Highly mobile and infectious, stripe rust is a devastating disease that can cause substantial losses in cereal crops. The presence of just one stripe rust inoculum (a.k.a a summer spore or urediniospore) is enough to infect an entire field, and urediniospores can be blown over very long distances, settling to earth in spore showers that can infect plants where no disease was previously observed.
Stripe rust requires moisture and relatively cold temperatures for spores to germinate, making the disease especially prevalent in cooler climates after a mild winter and cool, moist spring. As one urediniospore can produce hundreds or thousands of new spores, the disease spreads quickly, so growers concerned about stripe rust must begin scouting regularly starting at the seedling stage.

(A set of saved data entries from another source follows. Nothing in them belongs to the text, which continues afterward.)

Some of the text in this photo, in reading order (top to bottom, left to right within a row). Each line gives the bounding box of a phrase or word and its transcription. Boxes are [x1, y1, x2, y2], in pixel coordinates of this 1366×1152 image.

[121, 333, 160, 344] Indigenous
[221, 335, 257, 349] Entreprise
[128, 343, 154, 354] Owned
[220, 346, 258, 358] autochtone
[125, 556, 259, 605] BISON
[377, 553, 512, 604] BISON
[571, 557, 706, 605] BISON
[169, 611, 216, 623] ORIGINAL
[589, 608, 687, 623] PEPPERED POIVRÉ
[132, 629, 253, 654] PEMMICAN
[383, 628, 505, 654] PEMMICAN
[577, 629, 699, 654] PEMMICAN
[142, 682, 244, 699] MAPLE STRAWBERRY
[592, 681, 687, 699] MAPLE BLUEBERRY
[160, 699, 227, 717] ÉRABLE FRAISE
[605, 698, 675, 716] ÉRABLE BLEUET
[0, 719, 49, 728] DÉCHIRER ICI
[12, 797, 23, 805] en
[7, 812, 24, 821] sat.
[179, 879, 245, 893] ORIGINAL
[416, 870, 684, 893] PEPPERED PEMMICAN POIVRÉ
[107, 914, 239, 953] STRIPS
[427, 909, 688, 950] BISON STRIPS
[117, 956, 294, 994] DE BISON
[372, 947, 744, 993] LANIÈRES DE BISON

Stripe rust is characterized by small, round, blister-like lesions that are yellow-orange in colour and merge to form stripes. It commonly affects leaf blades and can occasionally be observed on heads when the disease is very severe. Infection of leaf sheaths or stems is rare.
- Early seeding of spring crops will allow them to ripen before major amounts of stripe rust inoculum typically become available in mid-summer.
- Once stripe rust is detected, a fungicide application is the only method to control the spread of the disease.
- Rotating out of cereal crops will help to break down the green bridge effect, reducing disease development considerably.
Please read each label to determine which fungicide is appropriate for the crop affected.